Manual de objeciones

Jorge Bethencourt

Las barbas del vecino

Hace una década, Grecia se desplomó. La economía helena había sobrevivido a base de gasto público y deuda. Fue famoso el caso del pequeño jardín de un hospital público de Atenas, el Evangelismos, con cuatro arbustos, atendidos nada menos que por cuarenta y cinco jardineros. Pero un día se acabó la fiesta. La gran crisis que había empezado en 2008 levantó el telón de la tragedia cuando se reveló que el gobierno de ese país había estado dando datos falsos a la Unión Europea, ocultando miles de millones en deuda país.

La bolsa de Atenas, en pocos días, bajó a los avernos. En 2010 una agencia de calificación de riesgo valoró los títulos de deuda griego como “bonos basura”. Grecia se quedó sin nadie que le dejara dinero para sobrevivir y tuvo de acudir a la UE —a Alemania— y al Fondo Monetario Internacional. Había empezado el largo calvario de “ajustes macroeconómicos”. Es decir, recortes brutales en el empleo público y en los gastos del Estado.
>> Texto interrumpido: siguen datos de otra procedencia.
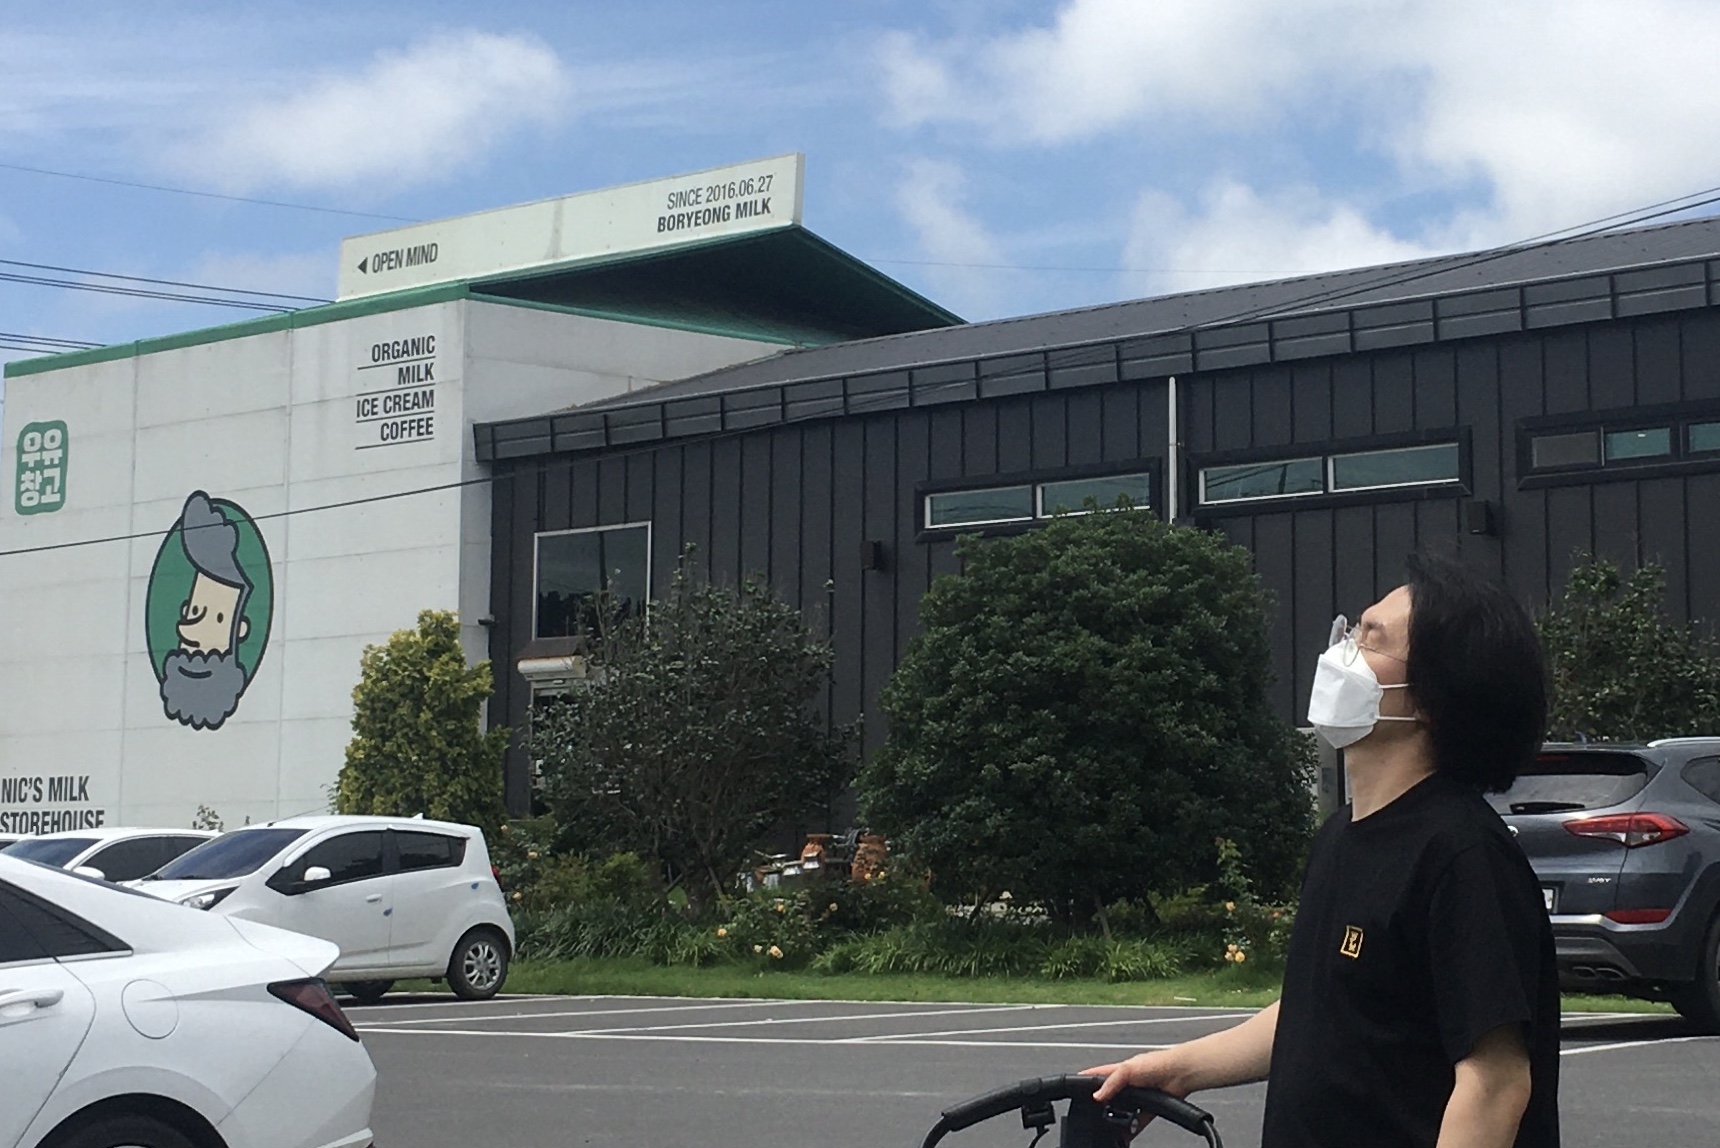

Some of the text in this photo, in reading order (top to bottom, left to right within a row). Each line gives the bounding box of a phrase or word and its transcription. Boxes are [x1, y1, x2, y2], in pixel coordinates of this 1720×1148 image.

[667, 174, 774, 210] SINCE 2016.06.27
[657, 197, 772, 233] BORYEONG MILK
[372, 242, 438, 273] OPEN MIND
[371, 335, 436, 363] ORGANIC
[398, 362, 435, 385] MILK
[356, 389, 435, 418] ICE CREAM
[380, 416, 434, 442] COFFEE
[48, 775, 90, 802] MILK
[0, 809, 105, 836] STOREHOUSE
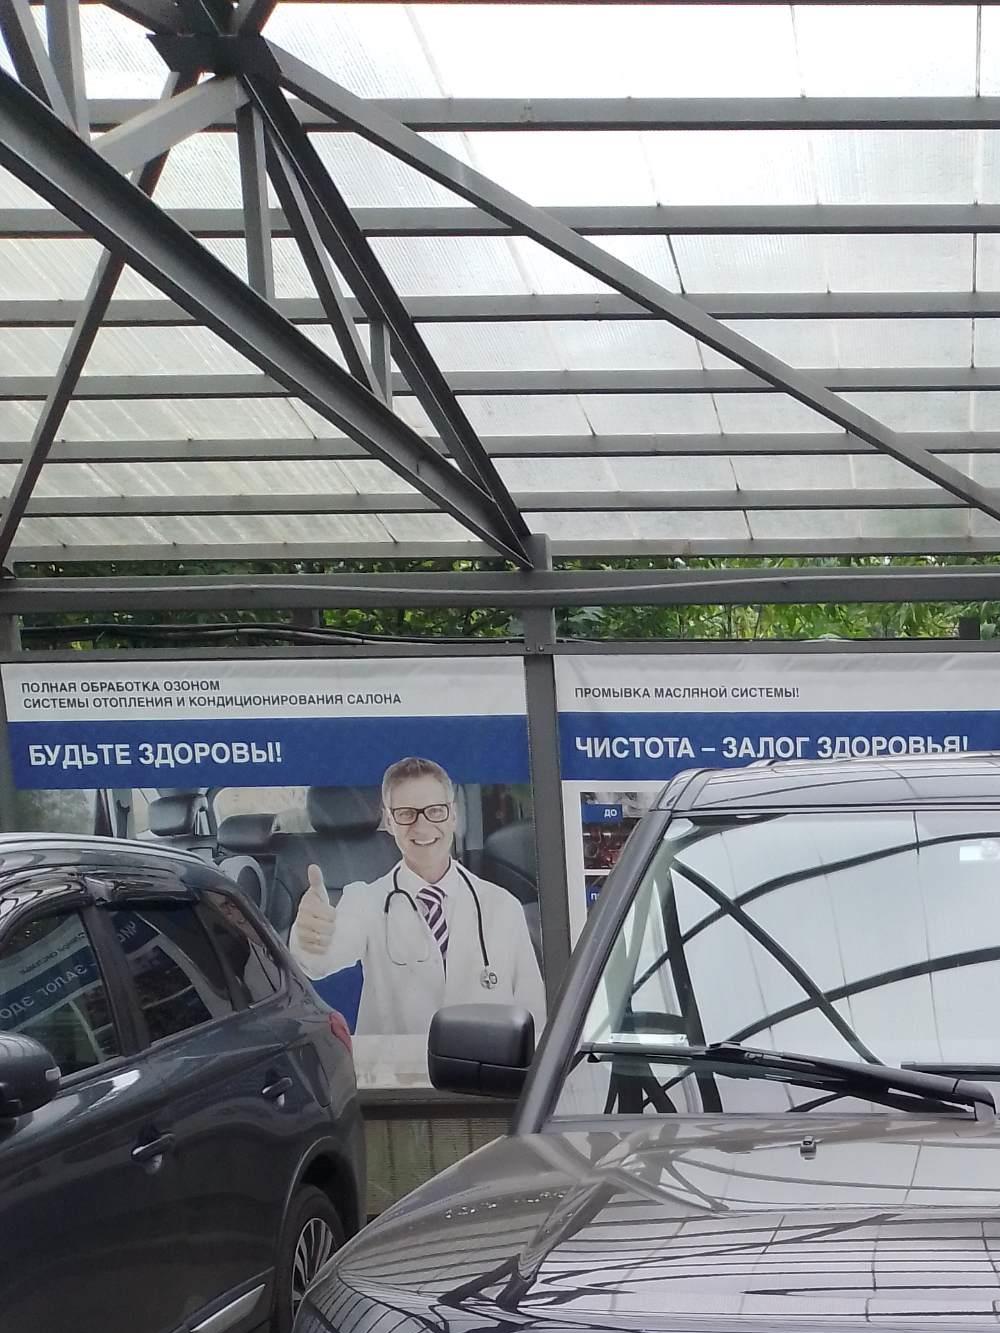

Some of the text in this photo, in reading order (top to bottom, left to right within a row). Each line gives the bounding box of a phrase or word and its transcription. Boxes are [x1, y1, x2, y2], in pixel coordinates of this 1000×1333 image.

[21, 680, 220, 693] ПОЛНАЯ ОБРАБОТКА ОЗОНОМ
[574, 685, 800, 699] ПРОМЫВКА МАСЛЯНОЙ СИСТЕМЫ!
[23, 693, 401, 709] СИСТЕМЫ ОТОПЛЕНИЯ И КОНДИЦИОНИРОВАНИЯ САЛОНА
[575, 737, 695, 758] ЧИСТОТА
[722, 736, 810, 758] ЗАЛОГ
[817, 735, 968, 758] ЗДОРОВЬЯ!
[28, 742, 282, 769] БУДЬТЕ ЗДОРОВЫ!
[604, 804, 618, 818] ДО
Durante algún tiempo, la nueva coalición de izquierda que se hizo con el poder, en 2012, Syriza, levantó la bandera del patriotismo, negándose a que los prestamistas les exigieran medidas que no estaban dispuestos a aceptar. Pero el orgullo duró lo que duran dos piedras de hielo en un whisky on the rocks. Desde hace casi diez años los griegos están pagando lenta, amarga y dolorosamente los excesos de una gestión pública nefasta.

España, naturalmente, no es Grecia. Ni por el tamaño de su economía —diez veces mayor— ni por su situación reputacional en los mercados internacionales. Y no tenemos cuarenta jardineros públicos para cuidar un parterre. Pero las cabras se están empezando a salir del corral. Las obligaciones públicas de nuestro estado del bienestar se sostienen ahora mismo gracias al endeudamiento. Y parte del dinero de la UE tendrá que devolverse en los próximos años.

¿Problemas? Ninguno, si no pasa nada. Pero el coste de las materias primas se está poniendo por las nubles. El precio de la luz se ha disparado. La inflación empieza a preocupar gravemente a los expertos. Y empezamos a ver, en países como Gran Bretaña, signos de turbulencia económica y social. La salida de la crisis creada por la pandemia mundial no es exactamente como la habíamos imaginado. Y cuando el viento sopla muy fuerte tira al suelo a los árboles que tienen las raíces podridas. No estaría mal que nos acordásemos de las barbas griegas.

Fundamentalismo

Los escritores Jorge Díaz, Agustín Martínez y Antonio Mercero desvelaron hace unos días que estaban detrás del seudónimo “Carmen Mola”, tras ganar un millón de euros del Premio Planeta 2021 por la novela ‘La bestia’. Y eso después de haber vendido más de doscientos mil ejemplares de otros tres libros hoy famosos: “La novia gitana”, “La red púrpura” y “La nena”. Los tres autores premiados tuvieron que desvelar su secreto y contaron, en una entrevista, que en el proceso de elegir nombre para un trabajo colectivo alguien dijo “el de Carmen mola”. Y moló tanto que al final se denominaron “Carmen Mola”. Una humorada. Pero estos son tiempos peligrosos para el humor. Algunos colectivos feministas se han sentido indignados porque tres hombres hayan elegido un nombre de mujer para presentar un trabajo literario. Lo han calificado de mentira, fraude, estafa y no sé cuántas cosas más. Cabría preguntarse por qué. ¿Tal vez piensen que por ser mujer tendrían algún trato de favor del jurado? Porque, por qué otra razón no va a poder un hombre —o tres— elegir un seudónimo femenino de la misma forma que una mujer puede elegir uno masculino. Es como si las librerías que sean propiedad de machos heteropatriarcales procedieran a devolver el libro de Robert Galbratih porque en realidad detrás de ese nombre está nada más y nada menos que la famosa autora de la saga de Harry Potter, J.K. Rowling. O sea una estupidez que se califica por sí sola. Lo dicho. Cada vez hay más extremistas, menos humor y muchísimas menos neuronas.